Der Luzerner Regierungsrat plant aufgrund der erwarteten hohen Steuereinnahmen eine Steuerfusssenkung für die Jahre 2025 und 2026. Trotz der Senkung bleiben genug Mittel übrig, um Investitionen zu erhöhen und Leistungen auszubauen. Die Verteilung der OECD-Gelder ist jedoch umstritten. Der Regierungsrat informierte über das Budget 2025 und plant, die finanzielle Basis des Kantons weiter zu stärken.

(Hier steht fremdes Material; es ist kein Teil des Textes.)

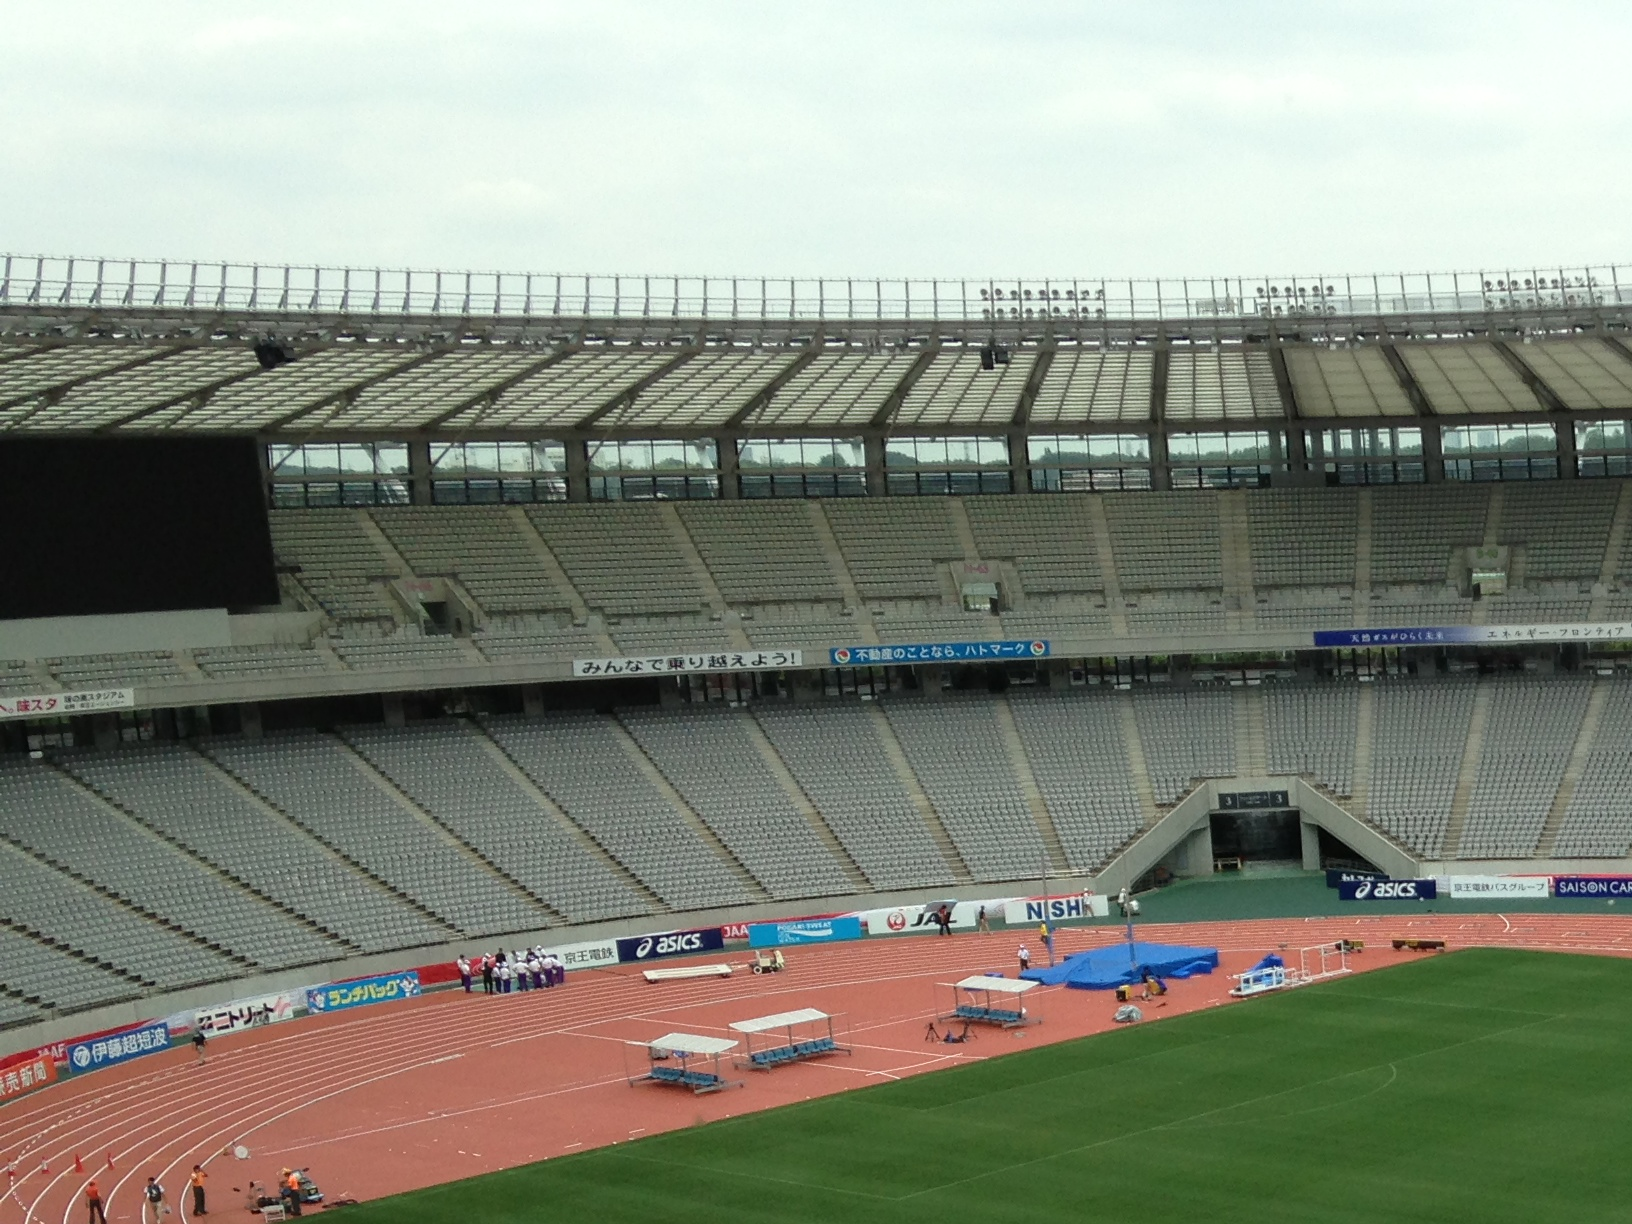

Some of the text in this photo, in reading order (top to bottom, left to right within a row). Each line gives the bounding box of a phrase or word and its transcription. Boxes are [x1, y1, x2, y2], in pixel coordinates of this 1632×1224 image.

[855, 643, 1026, 661] 不動産のことなら、ハトマーク
[1374, 882, 1416, 897] asics
[1560, 881, 1608, 893] SAISON
[656, 933, 701, 954] asics
[564, 947, 614, 964] 京王電鉄
[92, 1027, 168, 1063] 伊藤超短波
[0, 1061, 47, 1096] 売新聞

Ab 2026 rechnet der Regierungsrat mit zusätzlichen Einnahmen aus der OECD-Mindeststeuer, wovon ein Teil in die Standortförderung fließen soll. Die Investitionen sollen von 2025 bis 2028 um insgesamt 100 Millionen Franken erhöht werden, wovon die kantonalen Immobilien, Verkehrsinfrastrukturen und die Luzerner Psychiatrie profitieren sollen. Auch die Leistungen sollen ausgebaut werden, unter anderem in den Bereichen Polizei, Strafverfolgung und Bildung.

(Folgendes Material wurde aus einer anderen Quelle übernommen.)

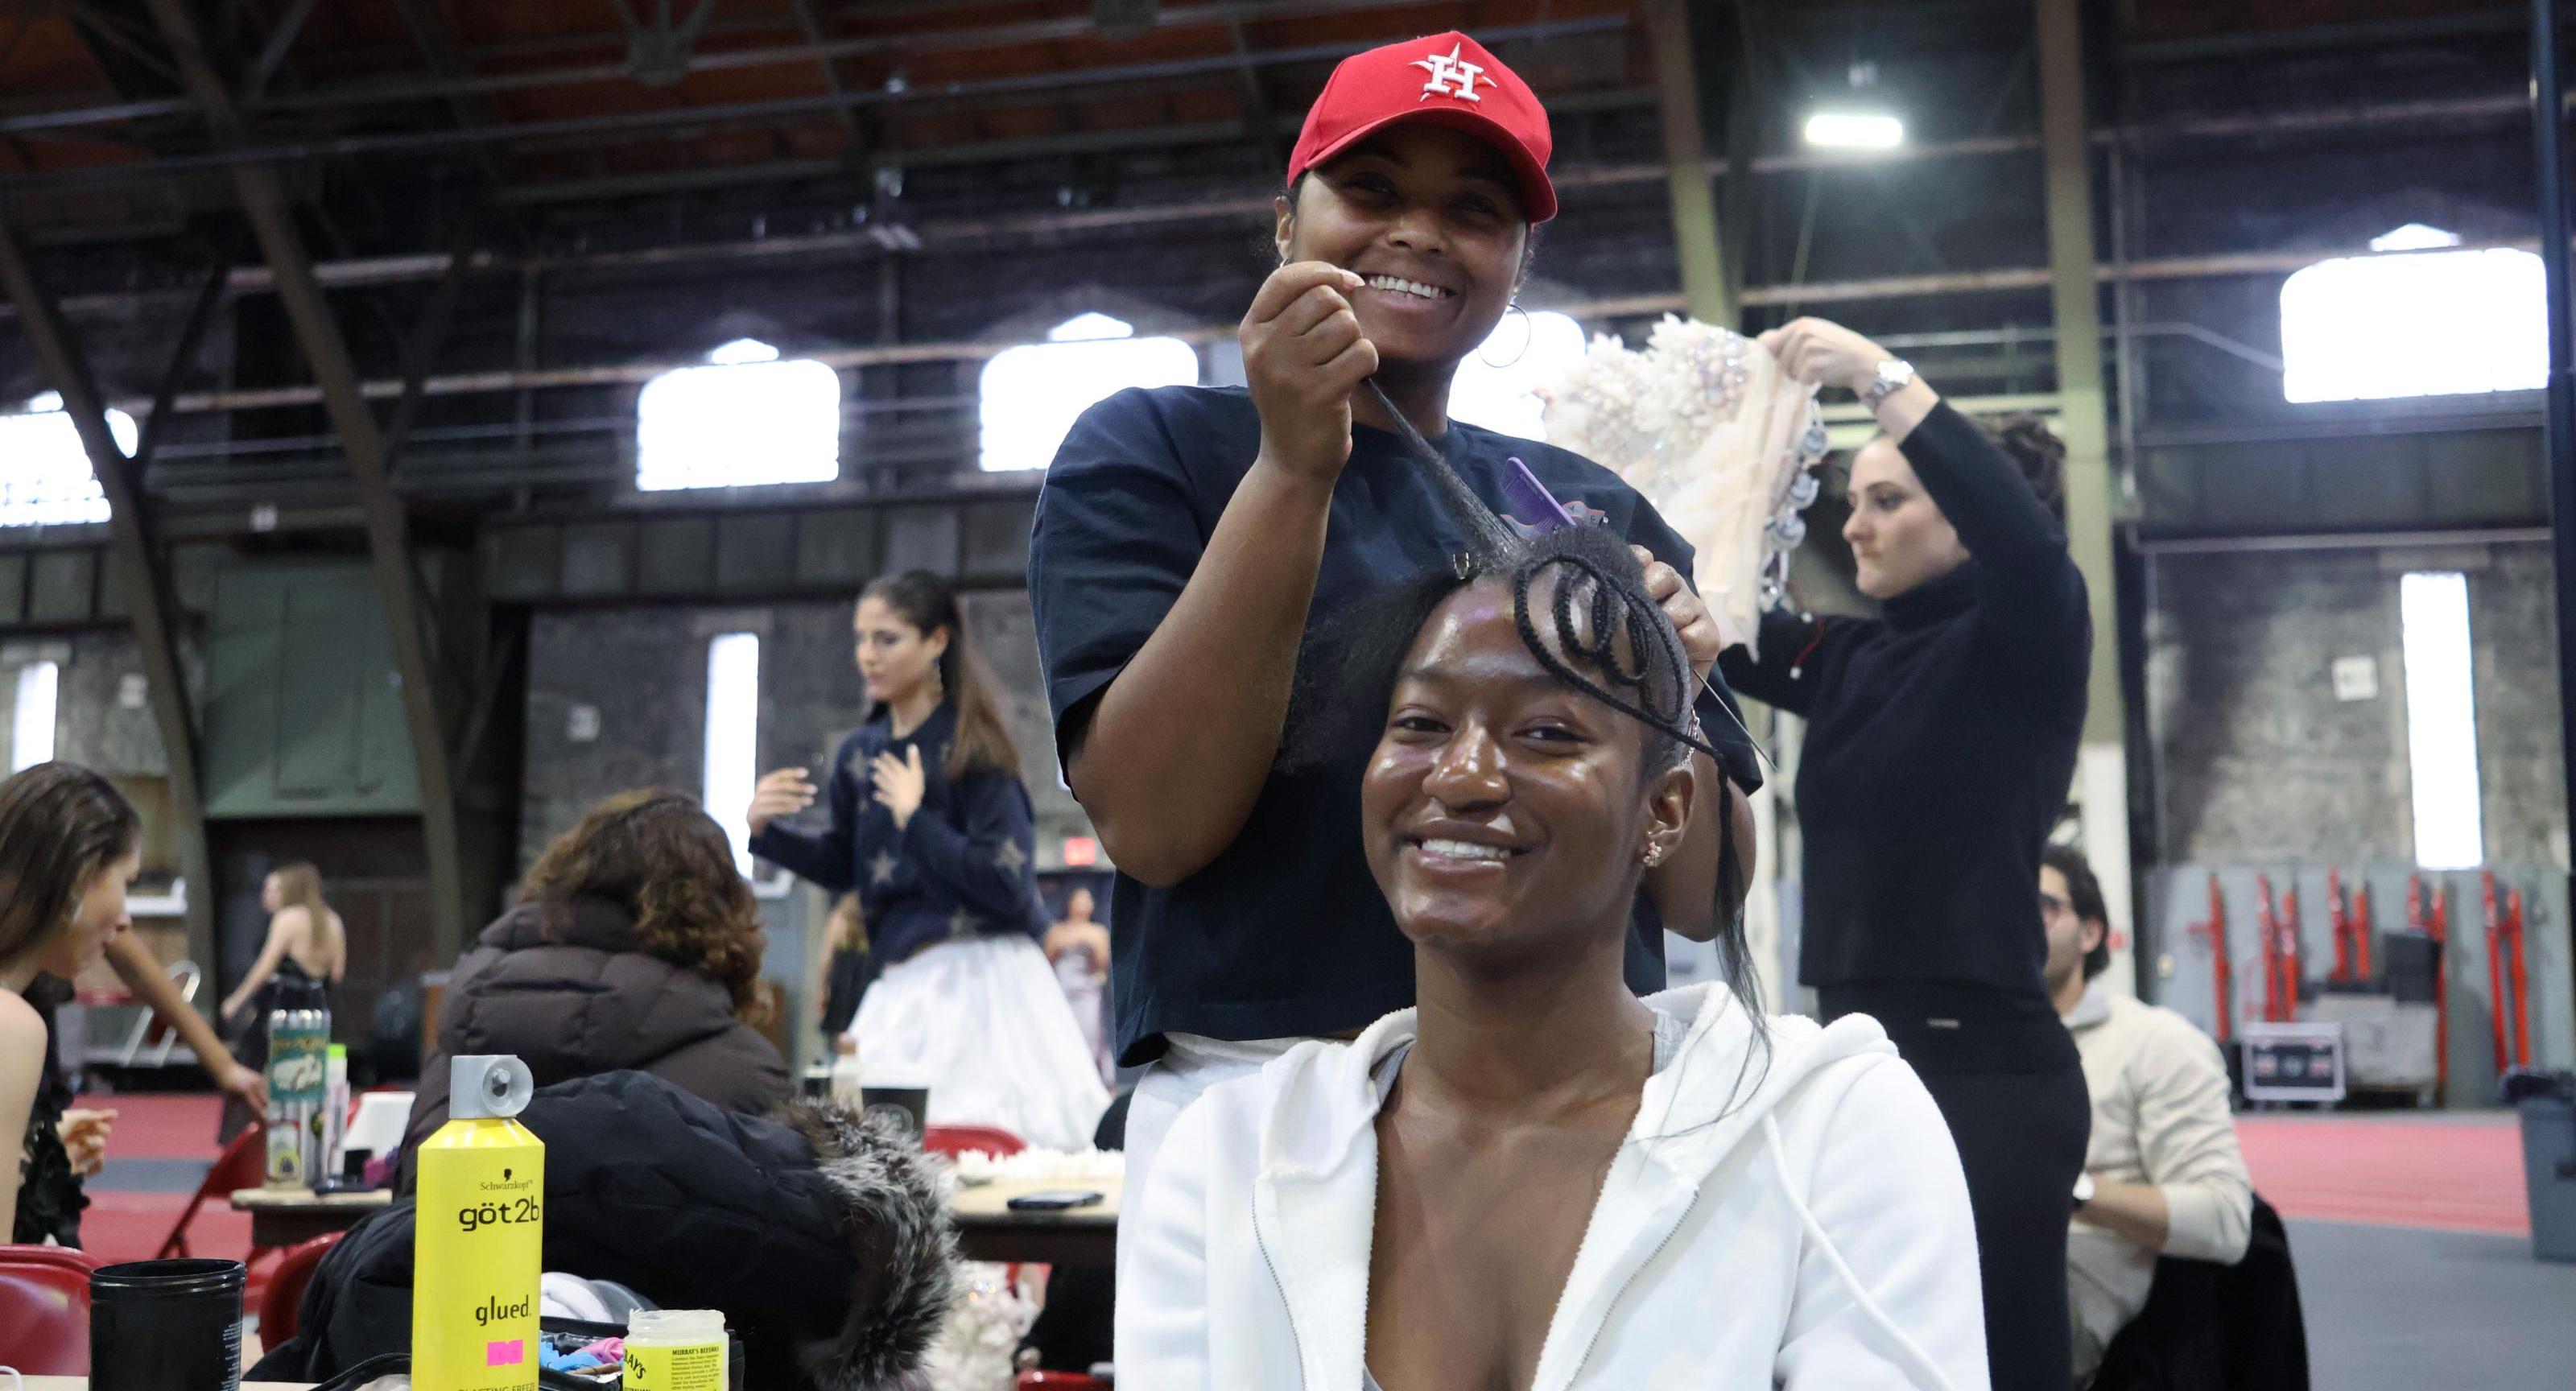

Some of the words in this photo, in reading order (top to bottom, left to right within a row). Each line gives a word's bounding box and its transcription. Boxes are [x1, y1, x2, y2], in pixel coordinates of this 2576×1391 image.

[1423, 54, 1484, 102] H
[480, 1179, 530, 1191] Schwarzkopf
[459, 1195, 540, 1232] göt2b

Die finanzielle Lage des Kantons wird von Mitte und FDP als Ergebnis einer bürgerlichen Finanz- und Steuerstrategie angesehen. Die FDP fordert eine Senkung der Steuerlast für kleinere Einkommen und den Mittelstand, während kritisch die gestiegenen Ausgaben betrachtet werden. Die Grünliberalen und die Mitte zeigen sich erfreut über die gestiegenen Einnahmen aus der OECD-Mindeststeuer und fordern eine angemessene Beteiligung der Gemeinden an diesem Geld.

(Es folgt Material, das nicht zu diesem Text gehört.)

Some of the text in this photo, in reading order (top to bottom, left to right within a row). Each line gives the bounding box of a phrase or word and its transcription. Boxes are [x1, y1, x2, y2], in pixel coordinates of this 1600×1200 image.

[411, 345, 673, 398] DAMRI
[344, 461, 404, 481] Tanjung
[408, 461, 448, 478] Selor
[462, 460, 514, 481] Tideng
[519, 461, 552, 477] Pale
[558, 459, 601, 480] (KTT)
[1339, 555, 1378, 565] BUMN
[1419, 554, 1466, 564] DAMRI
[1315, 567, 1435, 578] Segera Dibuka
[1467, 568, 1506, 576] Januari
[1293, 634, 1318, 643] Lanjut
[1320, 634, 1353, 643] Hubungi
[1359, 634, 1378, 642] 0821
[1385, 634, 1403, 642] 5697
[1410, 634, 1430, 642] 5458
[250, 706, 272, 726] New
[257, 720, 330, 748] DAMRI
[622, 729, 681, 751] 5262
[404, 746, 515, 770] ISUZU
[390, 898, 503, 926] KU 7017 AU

Die SP kritisiert die geplanten Steuerfusssenkungen und warnt davor, dass dies die Investitionsfähigkeit des Kantons gefährden könnte. Die Grünen begrüßen zwar die gesteigerten Investitionen in verschiedenen Bereichen, kritisieren jedoch die geplanten Steuersenkungen und die Verteilung der OECD-Mindeststeuer. Der Verband der Luzerner Gemeinden fordert eine gerechtere Verteilung der Gelder aus der OECD-Mindeststeuer und eine stärkere Beteiligung der Gemeinden an der Standortförderung.

Der kantonale KMU- und Gewerbeverband zeigt sich erfreut über den finanziellen Gesundheitszustand des Kantons und begrüßt die Strategie des Regierungsrats, Investitionen zu erhöhen und Leistungen auszubauen. Eine Offensive im Strassenfonds wird als wichtig erachtet, um aufgeschobene Projekte voranzutreiben.